Opinion By Justice LANG.
Appellant KC Cunningham filed this lawsuit against attorney Mike Tarski and the law firm of Curran Tomko Tarski, LLP (collectively, "Tarski") for negligent misrepresentation and assisting, participating in, and conspiring to commit shareholder oppression and breach of fiduciary duties. Cunningham's claims are based on his allegation that Tarski "falsified corporate governance documents with the intent that they be used by the majority shareholder of a close corporation to deprive the minority shareholder of his rights and then lied in his deposition about having done
Cunningham contends the trial court erred in granting summary judgment and asserts six issues on appeal: (1) Tarski engaged in conduct that is foreign to the duties of an attorney and therefore any "immunity" based on his status as an attorney is inapplicable; (2) the majority shareholder in the corporation at issue owed fiduciary duties to Cunningham, the minority shareholder, at all relevant times; (3) Cunningham justifiably relied on a representation by Tarski; (4) Tarski failed to negate the discovery rule and Cunningham's negligent misrepresentation claim is timely; (5) there is more than a scintilla of evidence in support of Cunningham's "assisting and participating" claims; and (6) there is more than a scintilla of evidence in support of Cunningham's conspiracy claims.
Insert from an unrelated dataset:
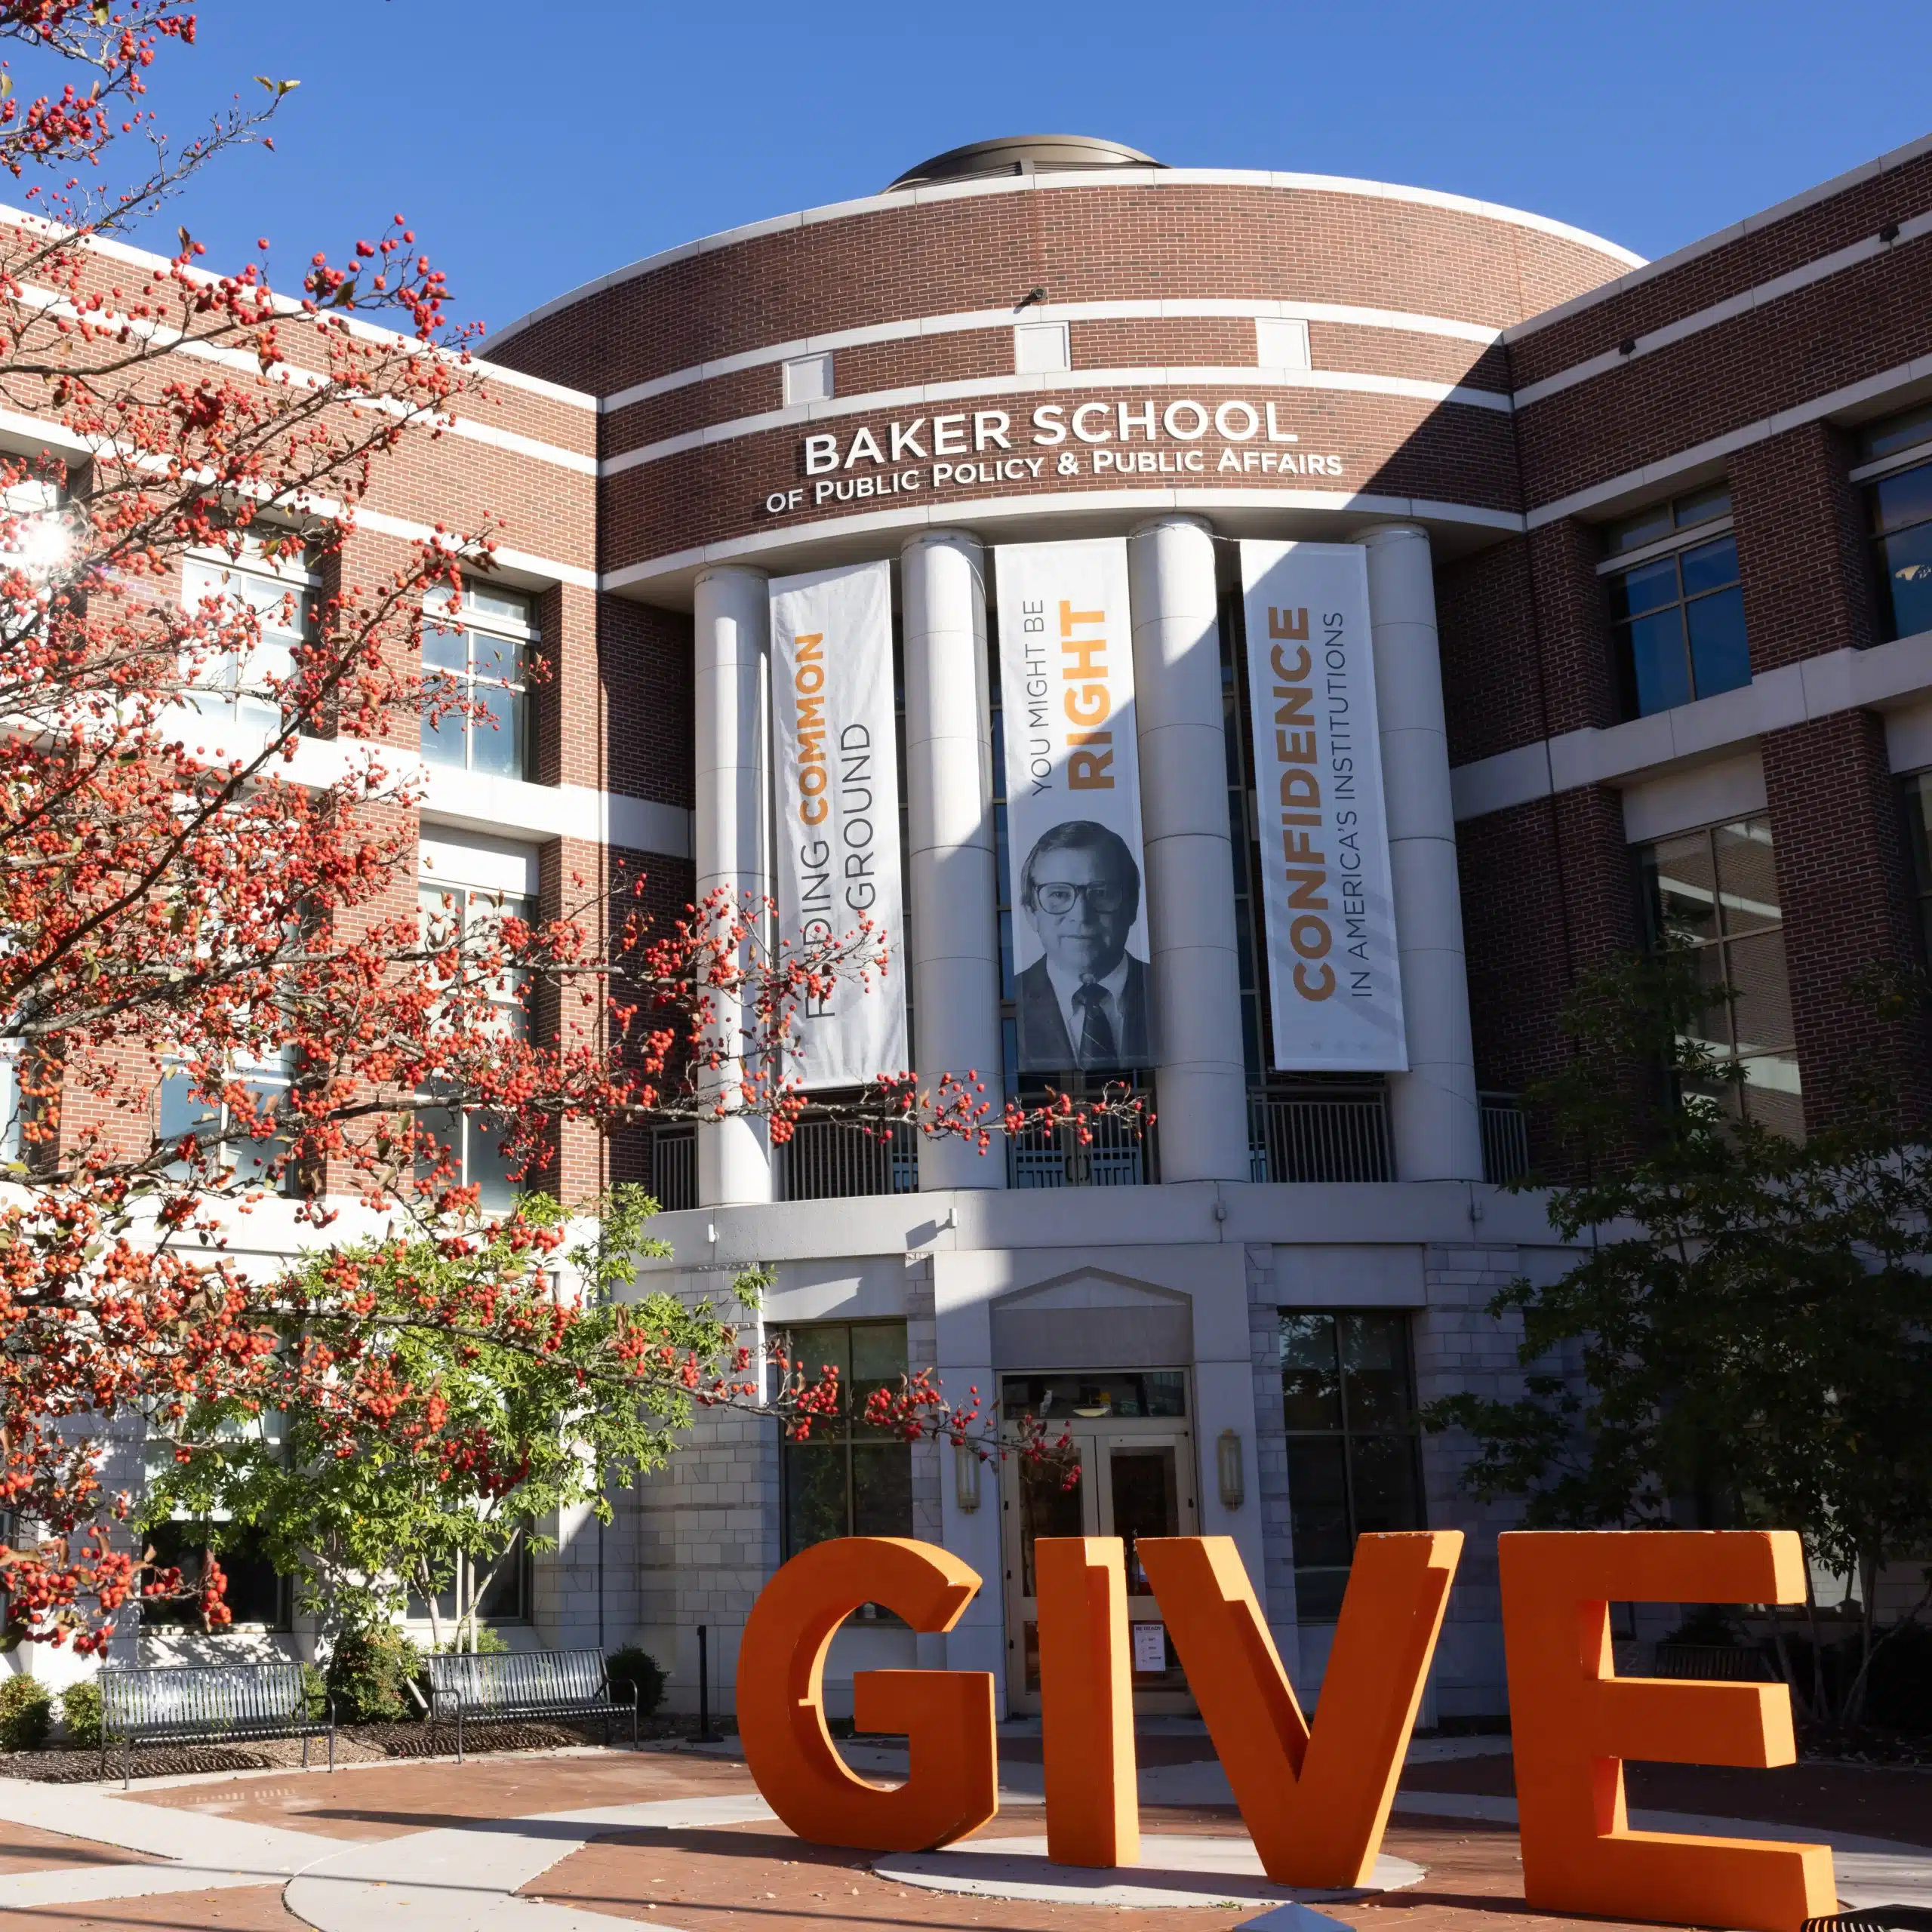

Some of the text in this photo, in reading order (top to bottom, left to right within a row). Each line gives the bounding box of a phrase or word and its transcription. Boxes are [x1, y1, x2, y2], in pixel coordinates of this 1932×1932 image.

For the reasons stated below, we affirm the trial court's order.
This dispute arises from Cunningham's ownership of stock in Specialty Blends ("SB"), a privately held Texas corporation that manufactures alcoholic beverages. In his third amended original petition, the live petition at the time of the order complained of, Cunningham stated that in January 2001, he was hired by David Tindol, a long-time friend, to operate SB's bottling plant. At that time, Tindol owned 100% of the stock in SB.
In December 2002, Tindol and Cunningham entered into a written agreement that provided, in part, for Cunningham's purchase of 45% of the shares of SB from Tindol for approximately $90,000. Pursuant to that agreement, Cunningham became a vice president of SB. Additionally, that agreement required unanimous consent of all shareholders for (1) election of additional officers of SB, (2) any expenditure by SB in excess of $25,000, and (3) all salary adjustments in excess of 30% per year.
Cunningham alleged that in late April 2006, he and Tindol had a "falling out" after Cunningham "discovered Tindol had wrongfully used SB's funds to pay for his personal expenses." According to Cunningham, on April 27, 2006, Tindol "terminated" Cunningham's "employment and involvement with SB."
Cunningham contends that prior to April 27, 2006, and without his knowledge, Tindol retained Tarski to "advise [Tindol] and SB." According to Cunningham, Tindol and Tarski "discussed, agreed on and each committed various intentional acts designed to unlawfully deprive [Cunningham] of his rights and interest in SB." Cunningham alleges those acts included Tarski's preparation and backdating of "20 legal documents related to SB's operations and corporate governance." Cunningham asserts those documents included, in relevant part, (1) a "Memorandum of Shareholders' Agreement" (the "Memorandum") that "is dated May 11, 1998 and purportedly gives Tindol complete control over SB by virtue of the fact that it provides SB's affairs would be governed by a vote of a majority of the shares" and (2) a "Consent of the Majority Shareholder in Lieu of a Special Meeting of the Shareholders of Specialty Blends, Inc." (the "Consent") that "is dated May 11, 2005 and purports that Tindol elected himself the sole Director of SB on that date pursuant to the majority rule contained in the Memorandum." Cunningham contends that "[h]aving prepared the back dated [sic] documents for Tindol's signature alone, [Tarski] advised Tindol to sign them, which he did on or about April 26,
According to Cunningham, subsequent to terminating him, Tindol relied on the "purported majority rule" in the Memorandum and his status as the "purported sole director" to operate SB in a manner that injured Cunningham. Specifically, Cunningham contends Tindol failed to distribute SB's profits as agreed, suppressed the payment of dividends, and operated SB "in such a fashion as to enrich himself and his family at the expense of Cunningham."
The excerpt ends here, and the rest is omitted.